Over breakfast we asked each other how many we'd actually read (and then tried to work out if our partners/lovers were cheating). Over lunch our Eng Lit friends wondered how on earth Trainspotting could appear in the top 100, never mind the top 10 (and we thought, how can you be so pompous?). At supper the parlour game played on. Surely at least one Hemingway? No Conrad? Or Faulkner? What about The Golden Notebook? The Naked and the Dead?

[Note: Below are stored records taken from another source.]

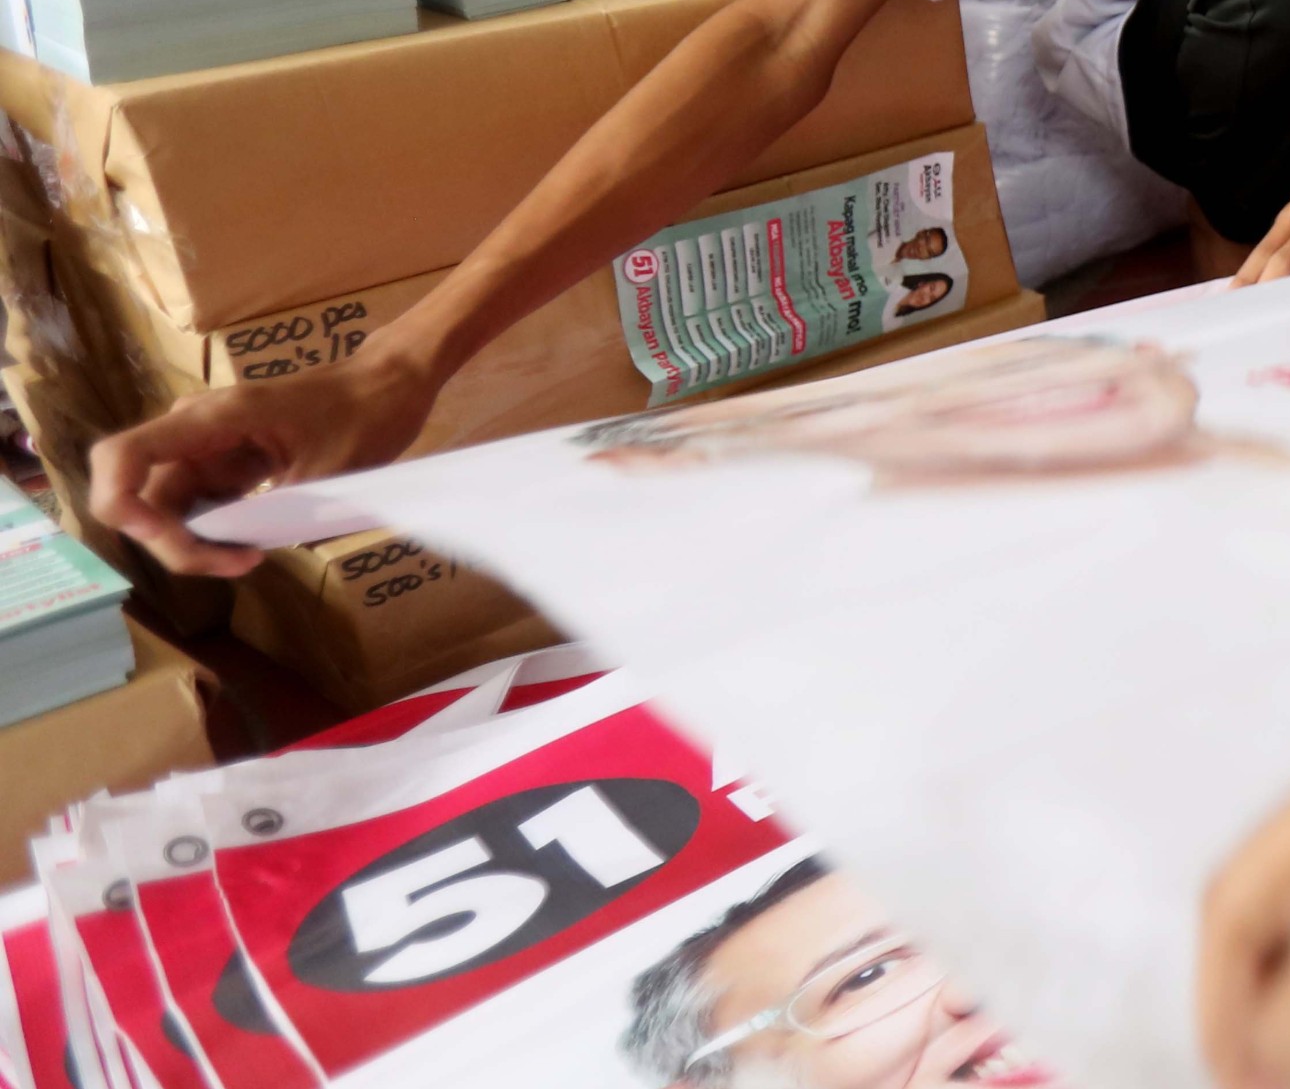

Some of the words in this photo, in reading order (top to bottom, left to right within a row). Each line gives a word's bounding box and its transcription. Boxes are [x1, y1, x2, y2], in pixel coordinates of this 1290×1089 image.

[632, 255, 653, 277] 51
[827, 220, 856, 300] Akbayan
[845, 236, 860, 272] mahal
[226, 316, 314, 356] 5000
[636, 286, 660, 350] Akbayan
[342, 784, 666, 984] 51

As Mark Lawson put it yesterday morning on Radio 4, this top 100 was a satchel and rucksack collection. In one way or another most of the books chosen by Waterstone's customers fell into the category of juvenile cult favourite (The Lord of the Rings, The Catcher in the Rye, Dune, Zen and the Art of Motorcycle Maintenance, anything by Stephen King) or obligatory examination texts (1984, Animal Farm, To Kill a Mockingbird, Lord of the Flies). The rest were books that everyone knows are important but most have not read (Ulysses, Remembrance of Things Past). In fact, the list was a monument to the power of adolescent conformism and GCSE syllabuses.

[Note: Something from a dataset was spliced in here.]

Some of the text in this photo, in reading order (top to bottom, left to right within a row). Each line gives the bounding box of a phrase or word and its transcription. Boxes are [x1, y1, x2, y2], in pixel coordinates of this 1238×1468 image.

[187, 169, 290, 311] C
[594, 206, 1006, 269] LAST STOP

My first response on scanning it, therefore, was a sort of sniffy disdain. Let's be honest, most people who think they are half-serious about literature are bound to react caustically to a league table that places Delia Smith above Richard Dawkins (though you could argue that the former has more encouraging things to say about the purpose of physical pleasure). And you have to be semi-suspicious about any judgement that clusters child fantasists such as Kenneth Grahame, AA Milne, CS Lewis and JRR Tolkien among the top 30, or one that regards Jurassic Park and The Horse Whisperer as even mentionable in respectable company.

But that's not the point. What makes the list so fascinating, so talkable- about, is precisely its banal, eclectic, barmily accurate summary of what would probably appear on an averagely educated, averagely middle-class shelf in a not-very-bookish home. It does, in fact, reflect what people really read.

There's an additional value to a list like this. Ask yourself, how many of those titles are books (such as The Master and Margarita) that you thought you knew about, but have never in fact read? Weren't you reminded of books, such as A Suitable Boy, that you never got round to reading but meant to one day?

Ten years ago this list would have been very different; in 10 years' time it will be different again, if only because The Horse Whisperer will by then be long forgotten (thank heaven). But it is no less intriguing for that.